Set down a faithful copy of every record, and skip the pictures in it.

Dataset records
-*-
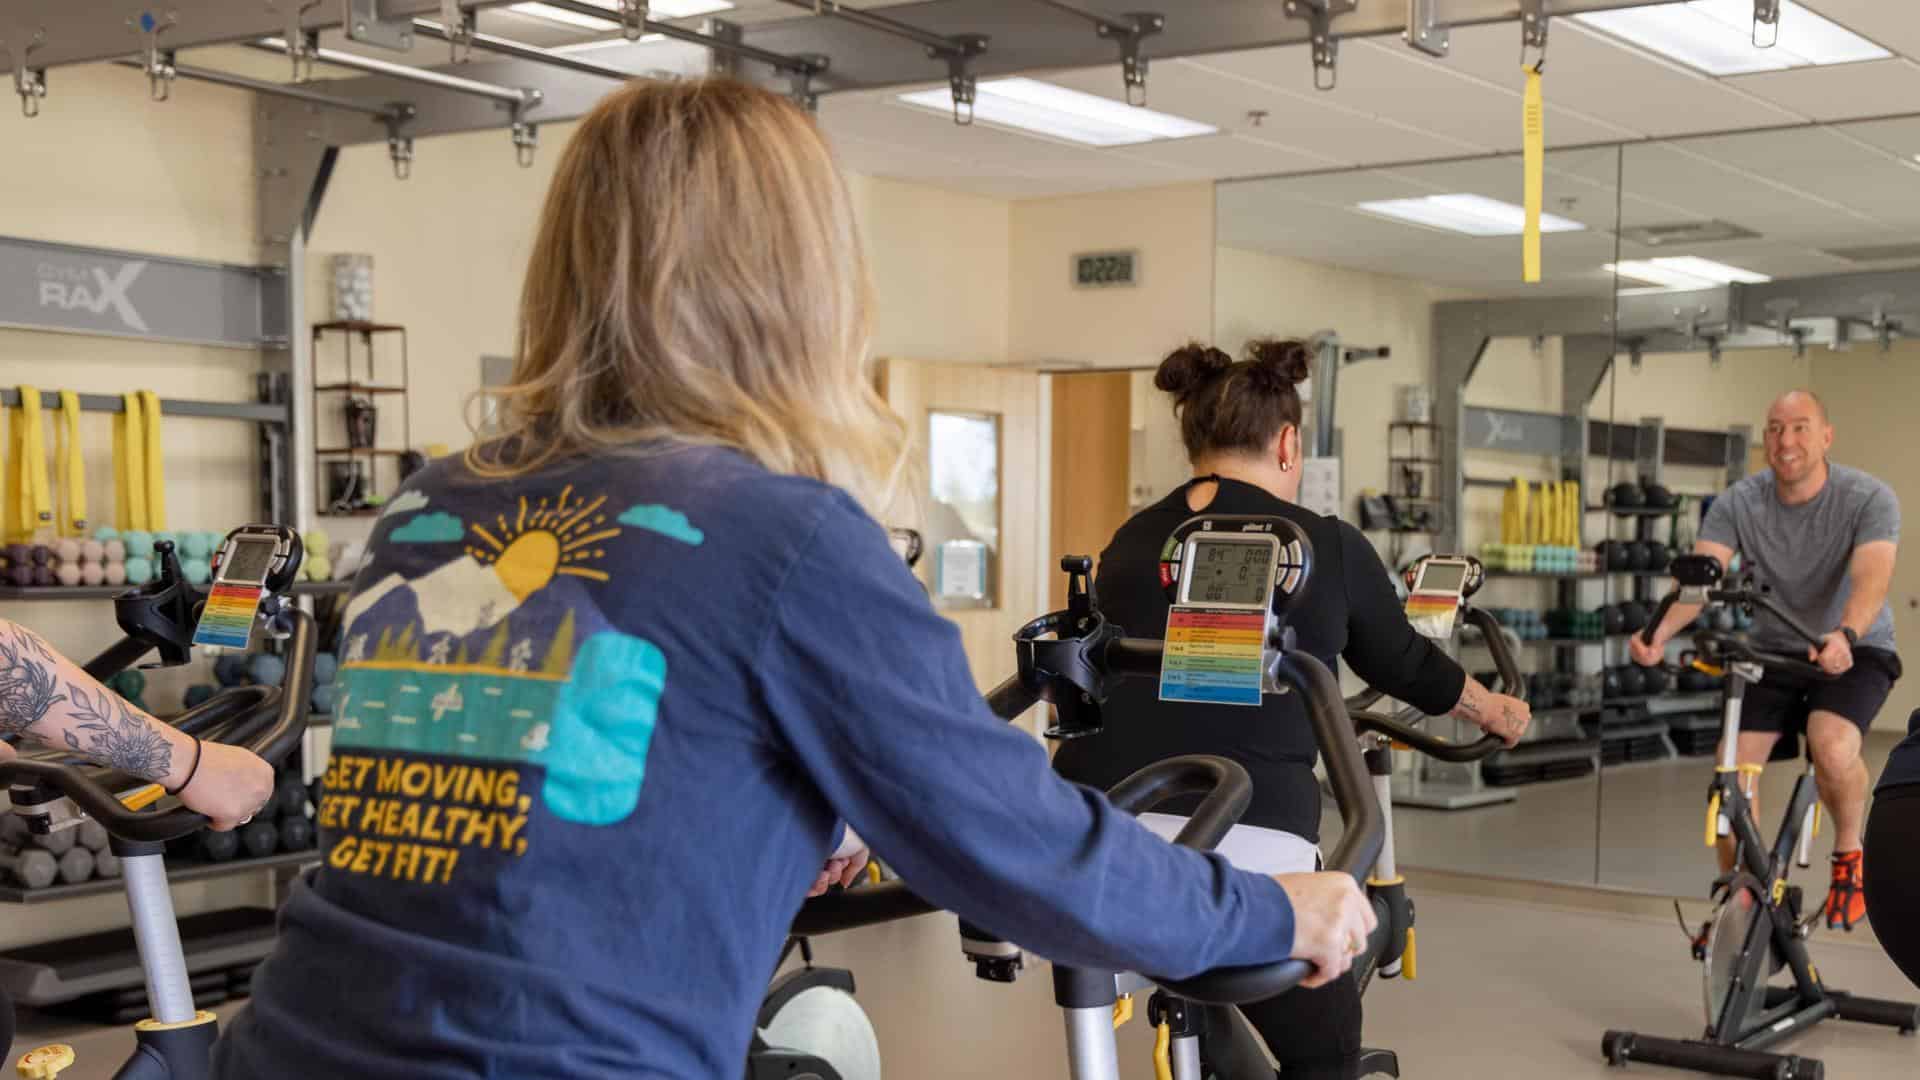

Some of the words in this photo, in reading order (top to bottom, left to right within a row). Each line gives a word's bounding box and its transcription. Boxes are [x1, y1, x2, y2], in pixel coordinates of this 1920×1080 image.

[322, 755, 374, 790] GET
[376, 758, 532, 813] MOVING,
[361, 797, 528, 857] HEALTHY,
[329, 836, 392, 876] GET
[392, 842, 459, 885] FIT!
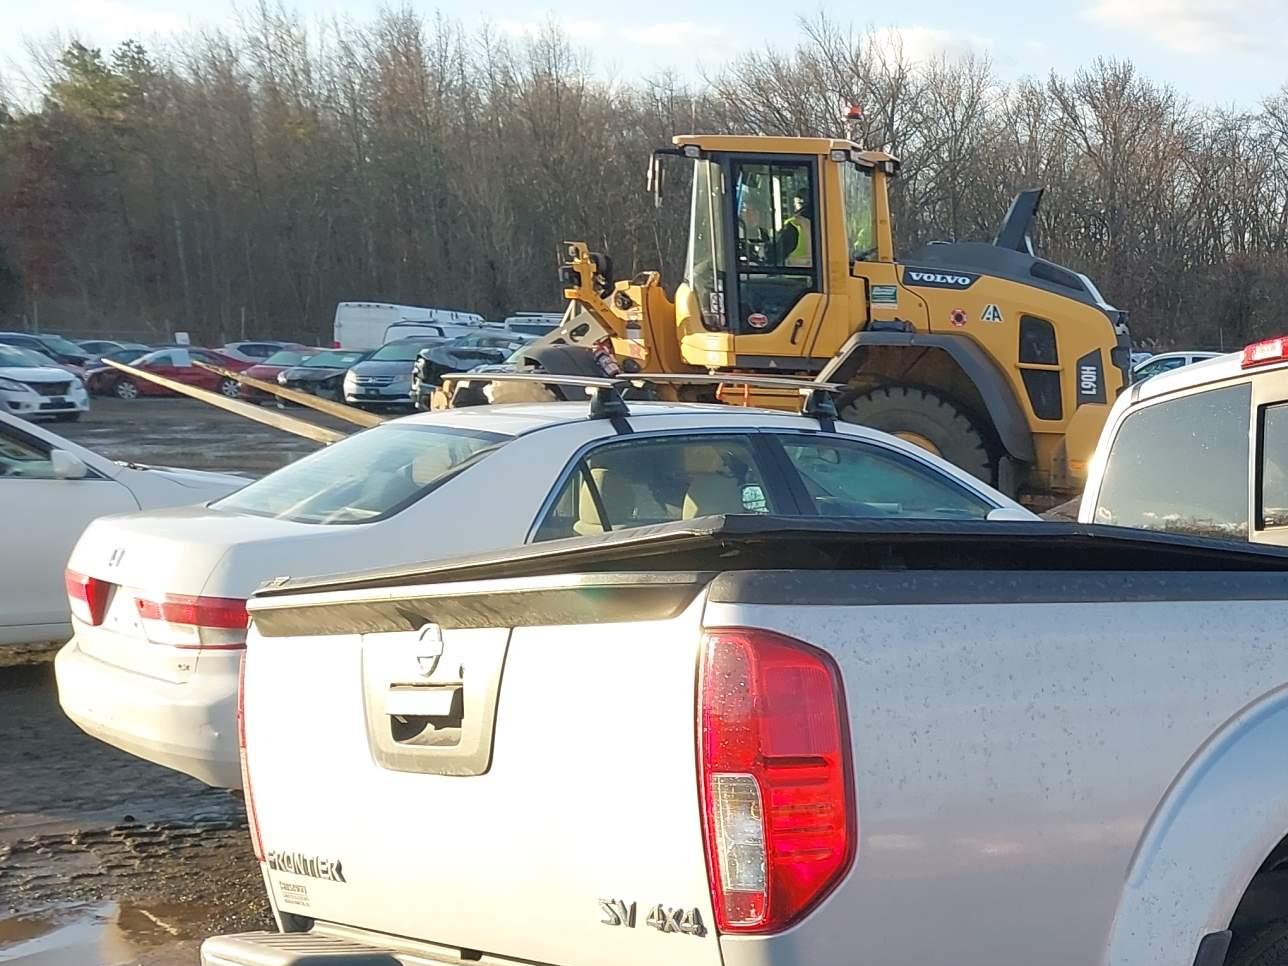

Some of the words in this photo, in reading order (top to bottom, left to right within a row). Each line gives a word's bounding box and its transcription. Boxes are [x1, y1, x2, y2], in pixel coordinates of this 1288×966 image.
-*-
# ANSWER SECTION
Some of the words in this photo, in reading order (top to bottom, left to right within a row). Each line gives a word's bounding box and its transcription. Boxes are [x1, y1, x2, y2], in pixel coordinates of this 1920×1080 image.

[322, 755, 374, 790] GET
[376, 758, 532, 813] MOVING,
[361, 797, 528, 857] HEALTHY,
[329, 836, 392, 876] GET
[392, 842, 459, 885] FIT!

Some of the words in this photo, in reading order (top to bottom, left to right within a row). Each line gives a word's bounding box and its transcription. Boxes are [x1, y1, x2, y2], in pixel coordinates of this 1288×966 image.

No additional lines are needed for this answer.